And the way it's been relevant is in the courts,
and we might all remember some of these cases
that I've given as examples on this next slide:
the Quinlan, Cruzan, and Schiavo cases.
I'm happy to talk in detail about these cases
with anybody if they want,
but the general takeaway is that, generally, courts
and states favor the preservation of life
unless there's clear written statements by the person
before they've lost capacity to speak for themselves,
or the appointment of a proxy by that person.
For instance, in Quinlan, that was a 1979 case,
and it's known as a right to die case,
and the person was not terminally ill,
but was in a persistent vegetative state,
and it wasn't quite known what her wishes were.
And so, the state, it argued,
had an interest against anybody terminating life.
And the courts found that the state's interests weakens
as the individuals rights to privacy grows,
and the degree of bodily invasion increases,
and the prognosis dims.
The Cruzan case, which is also on this slide,
regards a woman who was 25 years old
and was in an accident and became,
also, in a persistent vegetative state,
and she had had a conversation with her friend
about her wishes. And the issue was about
what level of evidentiary standard the state
could require a family to prove
in order to remove life-sustaining support.
And the standard the state wanted to use was clear
and convincing evidence, which has a whole legal term
and lots of legal precedent behind it that I won't go into.
This case went to the Supreme Court,
and the Court ultimately stated that
that was an acceptable standard, that's a high standard,
but it was acceptable given the circumstances.
And it was remanded to this state court
for ultimate decision,
and what happened was the state withdrew its claim
and essentially ceded to the family
to make the decision that the family felt
was in the preference of Mrs. Cruzan.
And this, the takeaway, I guess of the legal summary
and kind of the crux of that case
was that the states interest in preserving life
was challenged by the family's constitutional ability
to refuse care, which is a 14th amendment due process.
They were due their due process prior to taking a liberty,
and the liberty here was the right to refuse treatment.
And so the courts were balancing the liberty interest
versus the state's interest.
And in the Schiavo case, that one really I mentioned
because it highlights what advanced directive
in living wills can do to prevent the, I guess,
unknowns in future, unanticipated circumstances.
In that case, Mrs. Schiavo had a cardiac arrest and a coma,
and was in PVS.
There was a feeding tube inserted,
and her husband wanted it removed,
and her parents petitioned against removal.
And this became a very controversial public issue.
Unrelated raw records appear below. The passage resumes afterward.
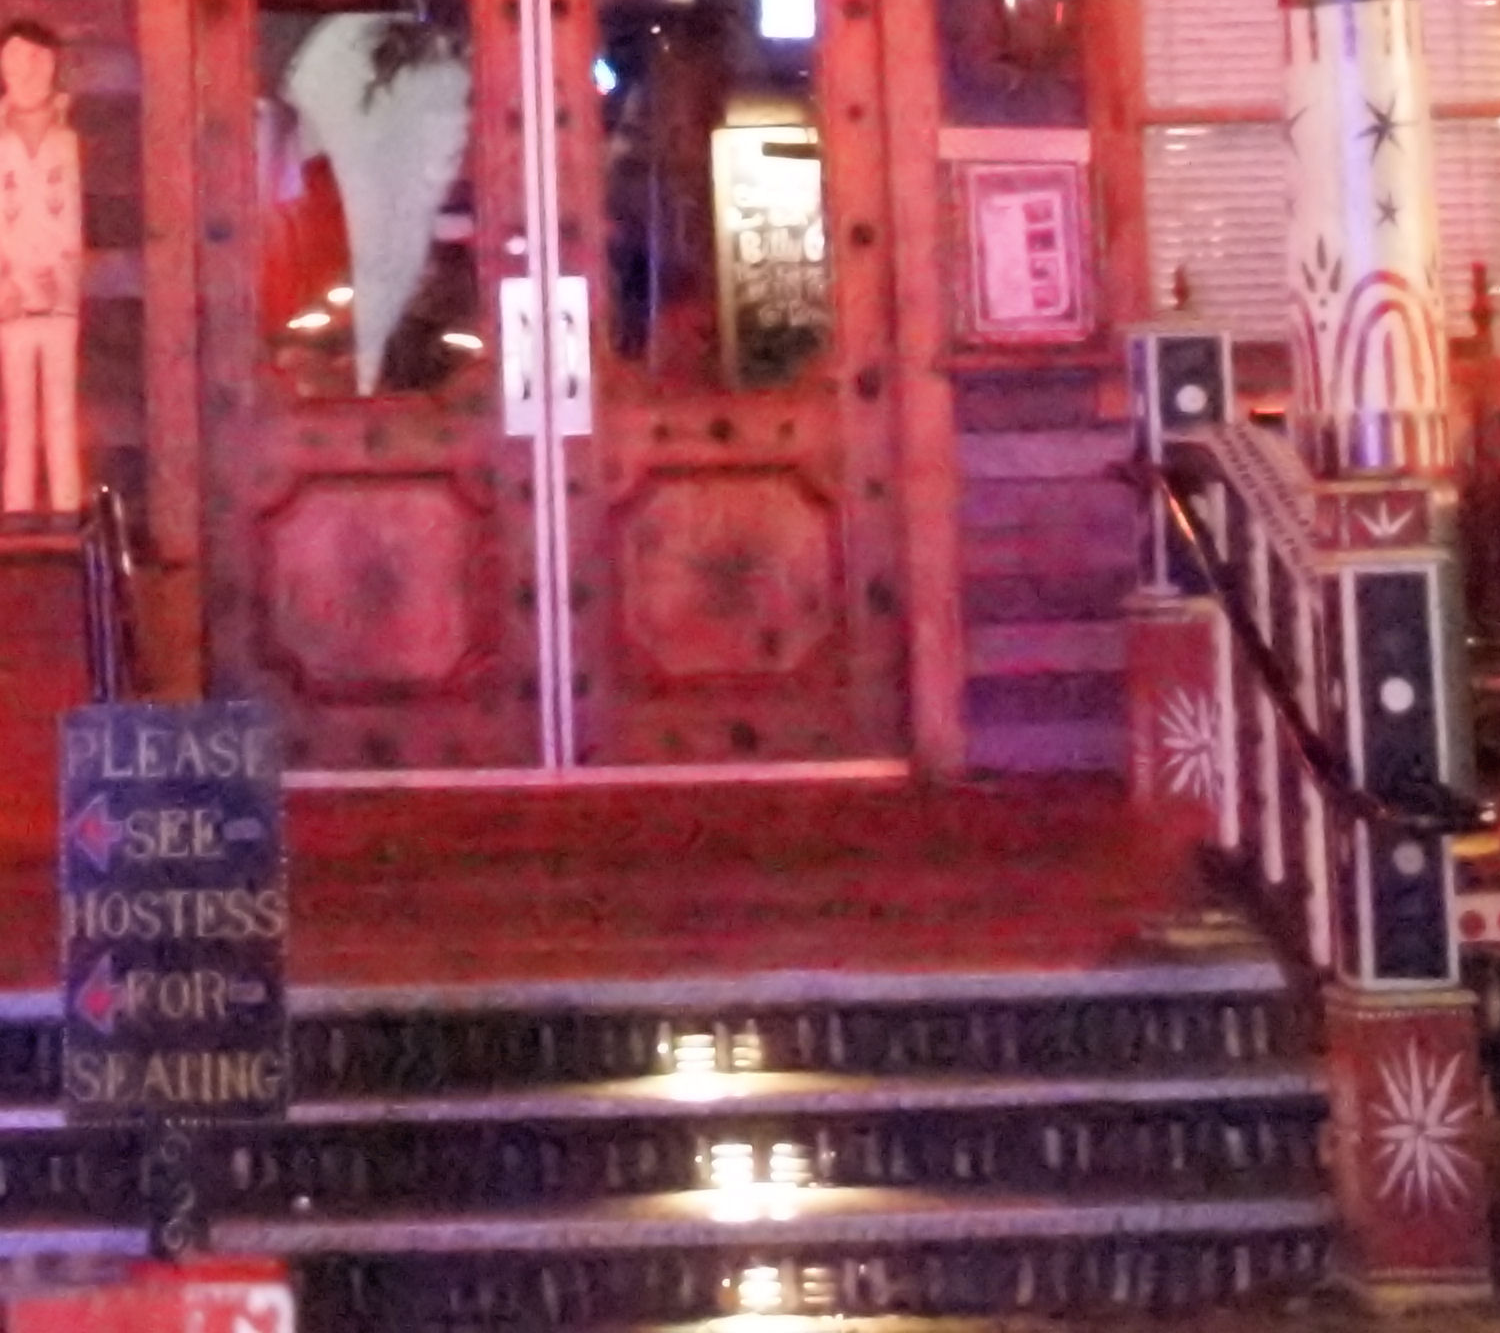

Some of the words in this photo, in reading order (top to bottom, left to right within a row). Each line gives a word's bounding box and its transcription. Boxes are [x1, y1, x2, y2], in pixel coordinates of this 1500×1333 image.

[66, 729, 278, 779] PLEASE
[122, 807, 226, 861] SEE
[64, 887, 284, 940] HOSTESS
[121, 969, 229, 1021] FOR
[66, 1048, 284, 1104] SEATING
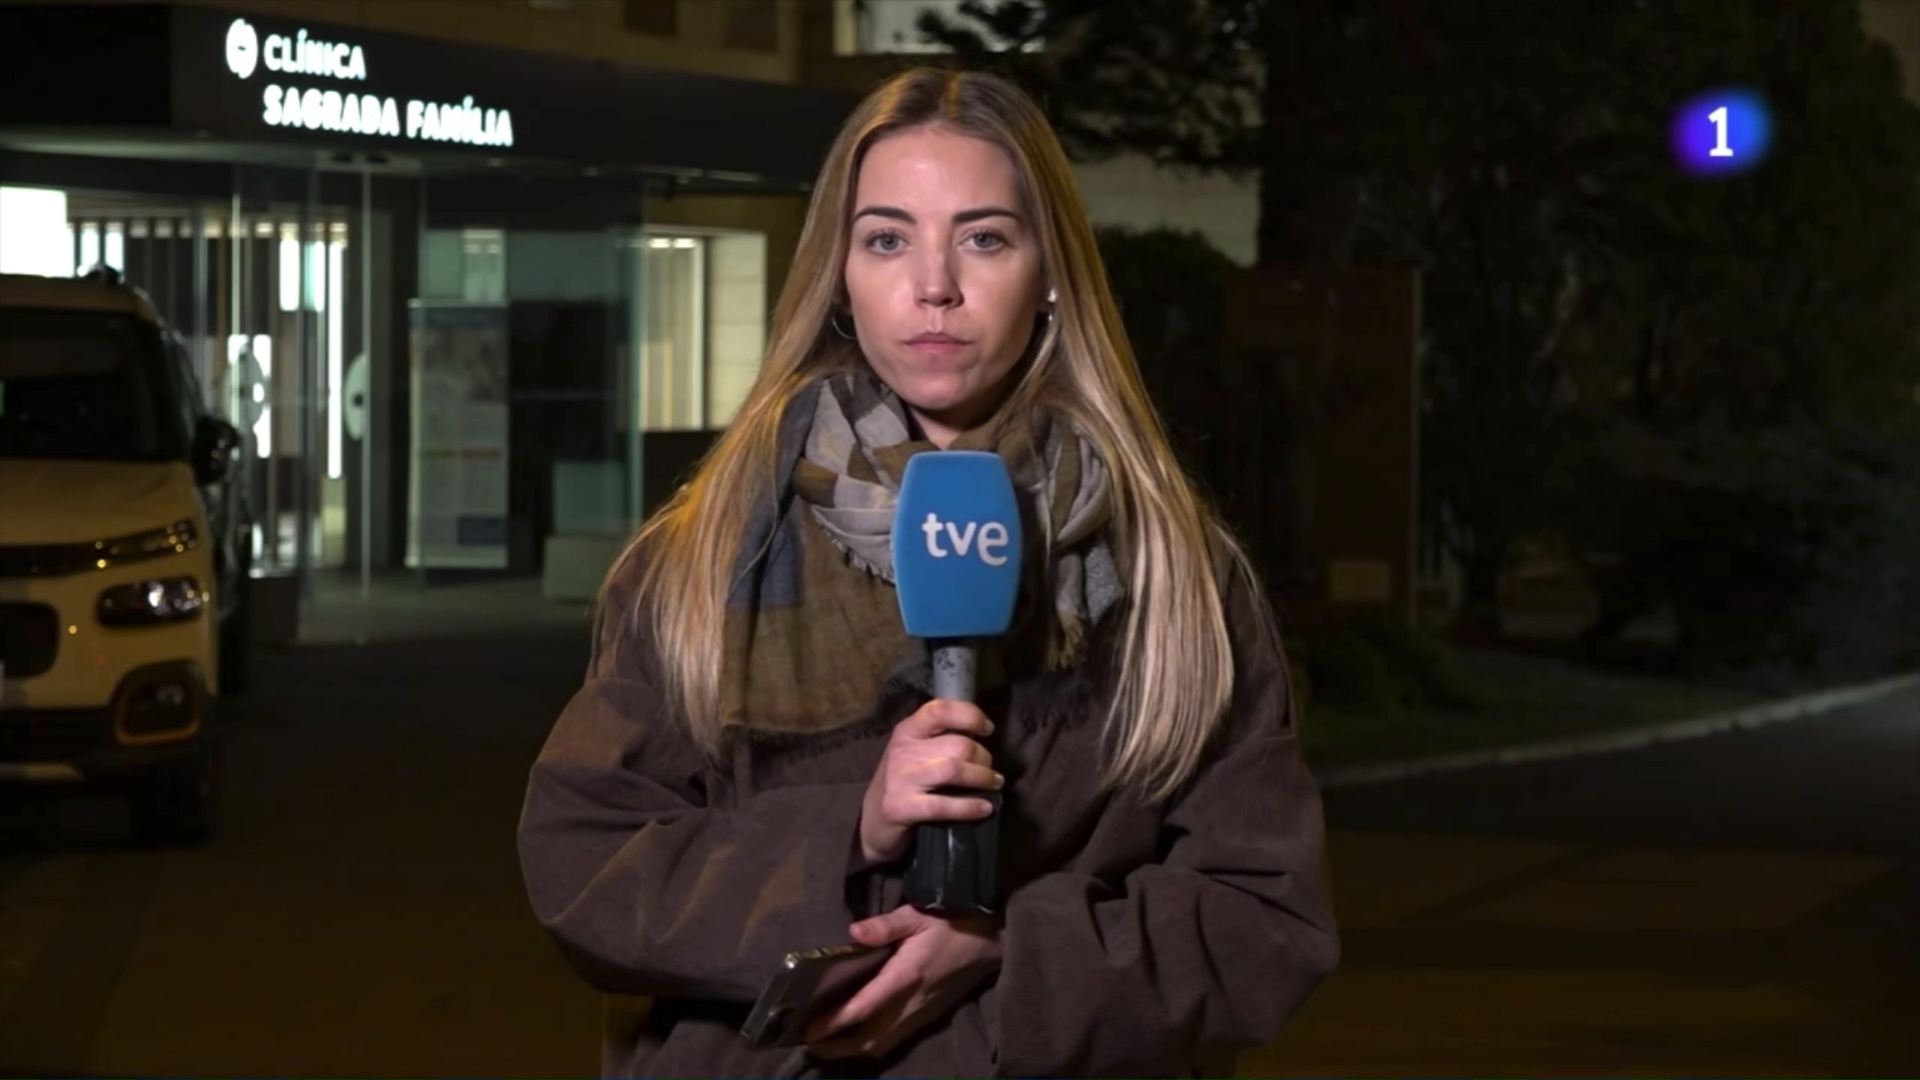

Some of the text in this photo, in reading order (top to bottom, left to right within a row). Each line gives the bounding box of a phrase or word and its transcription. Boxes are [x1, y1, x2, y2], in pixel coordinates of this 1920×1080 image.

[264, 29, 367, 80] CLÍNICA
[263, 85, 513, 147] SAGRADA FAMÍLIA
[921, 512, 1010, 567] tve
But congress commented on it,
President Bush at the time commented on it,
there were 14 appeals in the courts of Florida,
five appeals to the federals,
four denials by the Supreme Court of the United States
simply about this one case alone.
And, again, it demonstrates the legal issues
when you have incapacitated adults
and you don't have a living will
or an advanced directive to understand
what they would have wanted.
And the last point I'll make on this slide
regards the Patient Self-Determination Act,
and that essentially requires that hospitals
who accept Medicare and Medicaid
funding to inform patients about their rights
to execute advanced directives,
and it's really a floor in terms of rights,
not a ceiling.
It prevents the hospitals from discriminating patients
who make advanced directives,
and it's intended to protect autonomy and self-determination.
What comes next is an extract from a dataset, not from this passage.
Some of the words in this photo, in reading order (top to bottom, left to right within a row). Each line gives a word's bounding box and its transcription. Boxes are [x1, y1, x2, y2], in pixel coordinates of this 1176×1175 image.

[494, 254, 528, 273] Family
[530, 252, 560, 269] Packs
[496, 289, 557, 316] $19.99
So, we've talked about guardians,
and we've talked about advanced directives,
now we're going to move on and talk about surrogates.
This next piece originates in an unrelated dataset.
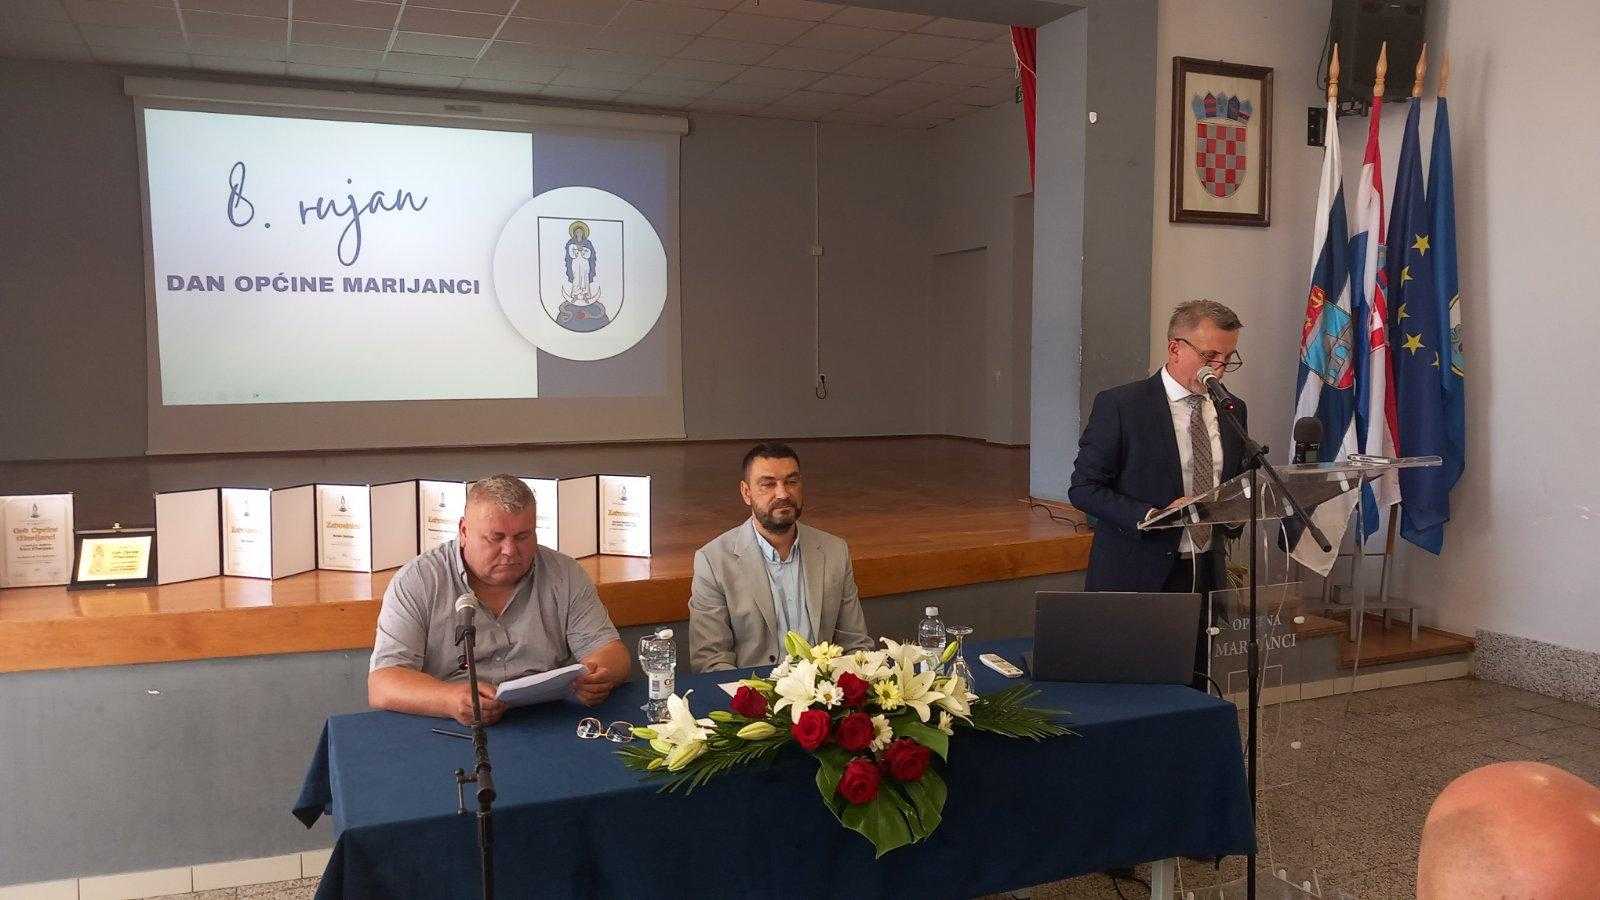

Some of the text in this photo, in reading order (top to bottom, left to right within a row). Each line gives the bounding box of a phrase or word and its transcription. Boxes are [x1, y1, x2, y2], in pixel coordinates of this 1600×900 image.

[228, 161, 428, 266] 8. rujan
[166, 272, 480, 295] DAN OPĆINE MARIJANCI
[1232, 614, 1281, 631] OPNA
[1214, 633, 1297, 657] MARANCI
Surrogates, the power of a surrogate varies
from state to state.
Some allow surrogates to make decisions only when it's known,
but the patient's wishes are. Some states, like Maryland,
allow the surrogate to make a decision
in the best interest of the patient.
The forms also vary state by state,
generally have to be voluntarily executed,
written, signed, and witnessed by two unrelated people.
For medical providers out there, you may be interested to know
that usually there's no criminal or civil liability
if medical providers, including researchers,
file an advanced directive in good faith
pursuant to reasonable medical standard.
And so, this puts a notice on medical practitioners to know
whether an advanced directive exists,
so that they can follow it.
And at the clinical center, again,
we are not subject to any particular state law,
but the clinical center accepts durable power of attorneys
and advanced directives from outside states or countries,
if patients bring them with them.
And we also allow patients to execute ones that we have here,
which actually specifically talks
about research participation.
And, as you'll see in the last bullet point on this slide,
some research protocols, as a condition of participation,
required the patient to have an advanced directive
because it's anticipated that the patient
will lose cognitive abilities, such as in an Alzheimer's study.
So, now let's talk about what happens
when somebody is a patient without a guardian,
without a durable power of attorney,
without a living will,
and then they become mentally incapacitated.
So, if they've expressed their wishes previously,
and certainly if they're documented
in the medical record,
clinicians can follow those wishes.
Without them, then there are certain ways for state law,
in particular, to authorize individuals
to give substituted consent for furnishing,
but not withdrawing care.
Unsubstituted consents, there's a hierarchy.
So, if a spouse or domestic partner exists--
and the example I have shown you is the clinical center policy,
which mirrors the Maryland law.
A spouse or domestic partner, and they can be on the same law
because that, as a legal matter, you can't have both.
You can only have one or the other.
So first is that, and then you can see the down--
the hierarchy.
If somebody higher on the hierarchy exists,
they're the ones to make the decision.
And, do you have any questions for me
before we move on to the next section?
Okay.
So, now we're going to talk about children
and their participation in research.
A child is a person who hasn't reached legal age to consent.
So, a child, as defined by the research regulations,
is a person who has not reached the legal age
to consent to the research, treatments,
or procedure under the applicable law
under the jurisdiction in which the research is to be conducted.
Different states have different laws,
typically child [sic] is somebody under 18.
Sometimes different clinical settings
that the age might be younger, such as obtaining sexual care,
healthcare, provision, and other circumstances.
At the clinical center, the definition of child is,
"anybody who is under 18 and not themselves married or a parent."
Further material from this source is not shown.